“Mummy,” cried Barby, wriggling along till she stood on the broad window-ledge under Polly’s arm.
“Oh, you dear!” exclaimed Polly, clasping her closely, and turning a happy face. “Barby, do you know that dear Grandpapa and Aunt Phronsie and Uncle Joel are probably safe on the other side now. Do you know it, Barbara?”
“You called her Barbara,” said Elyot from the floor, and relinquishing the charms of a castle ready to receive its final tower, to look over at them.
“I know it,” said Polly happily. “When everything is so beautiful, Elyot, I must call my little girl by her own true name—her papa’s dear mamma’s name.
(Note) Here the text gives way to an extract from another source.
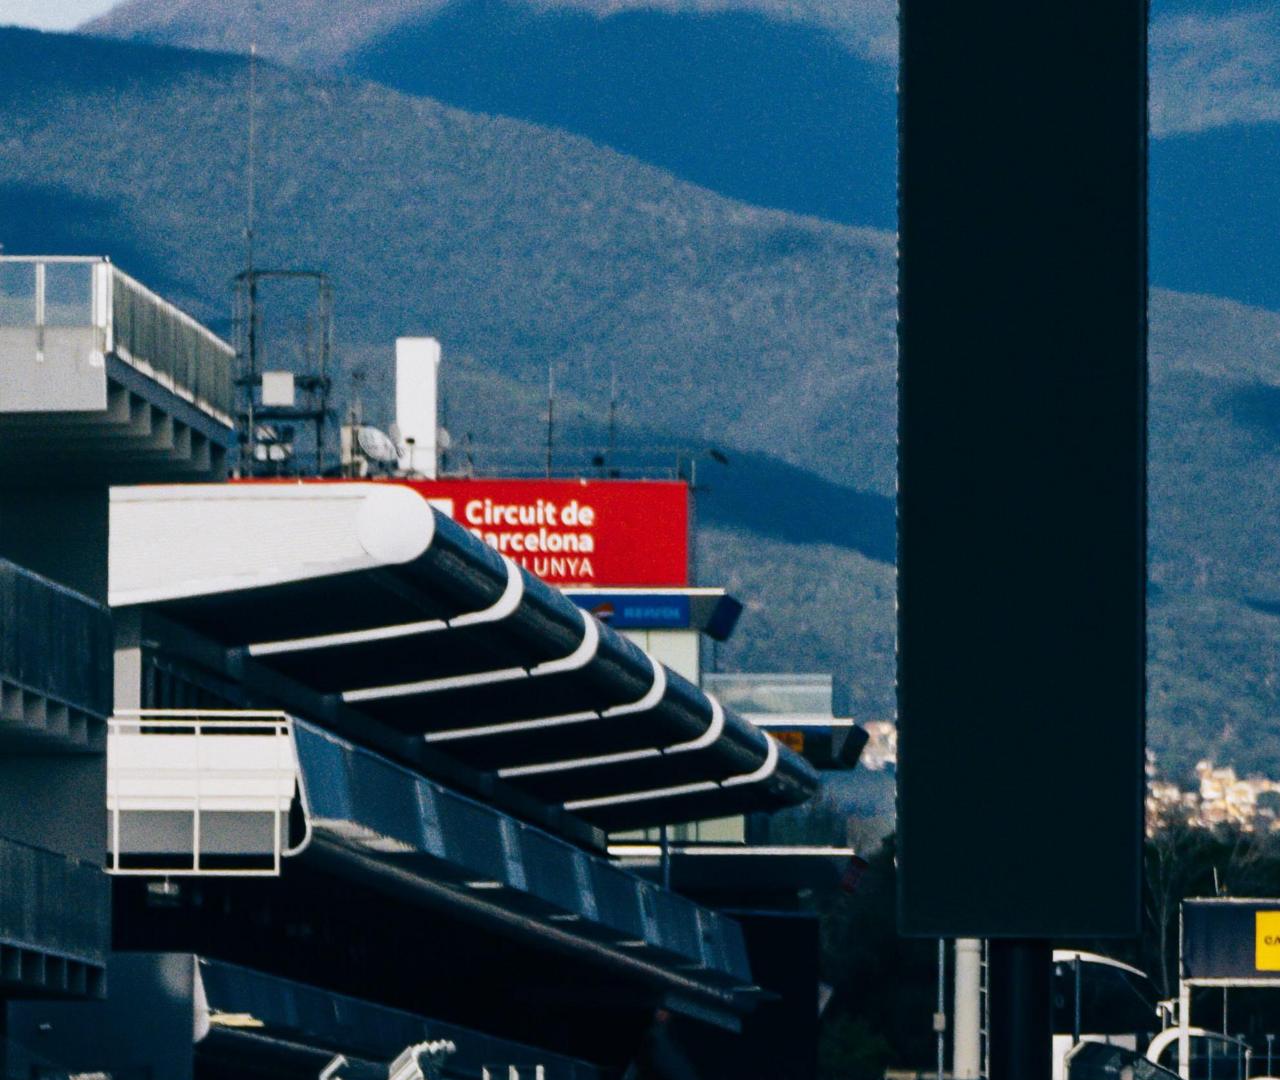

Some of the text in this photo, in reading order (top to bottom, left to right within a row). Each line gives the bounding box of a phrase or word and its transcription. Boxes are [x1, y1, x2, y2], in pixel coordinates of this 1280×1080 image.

[465, 499, 594, 526] Circuit de
[469, 528, 594, 552] arcelona
O Barbara, Barbara!” exclaimed Polly with a final kiss.
“And when she’s bad, you call her Barbara,” said Elyot thoughtfully.
“And that is to make my little girl grow up good and beautiful like her dear grandmamma,” said Polly. “Children, you don’t know how beautiful your papa’s mamma was; everybody who ever saw her says so.”
“She’s down-stairs in the drawing-room,” said Elyot, as if stating a wholly new fact for the first time; “and when I go in, I run up and kiss her dress, and say, ‘How do you do, grandmamma,’ and she smiles at me.”
“And I say, ‘Boo, grandmamma!’” laughed Barby confidentially.
“Well, if the picture is so beautiful,” said Polly, “you must remember that dear grandmamma was ever so much more beautiful herself. And she was good and lovely all through, dears.”
“Here comes a man to our house,” cried Barby, leaning over Polly’s arms to look out of the window.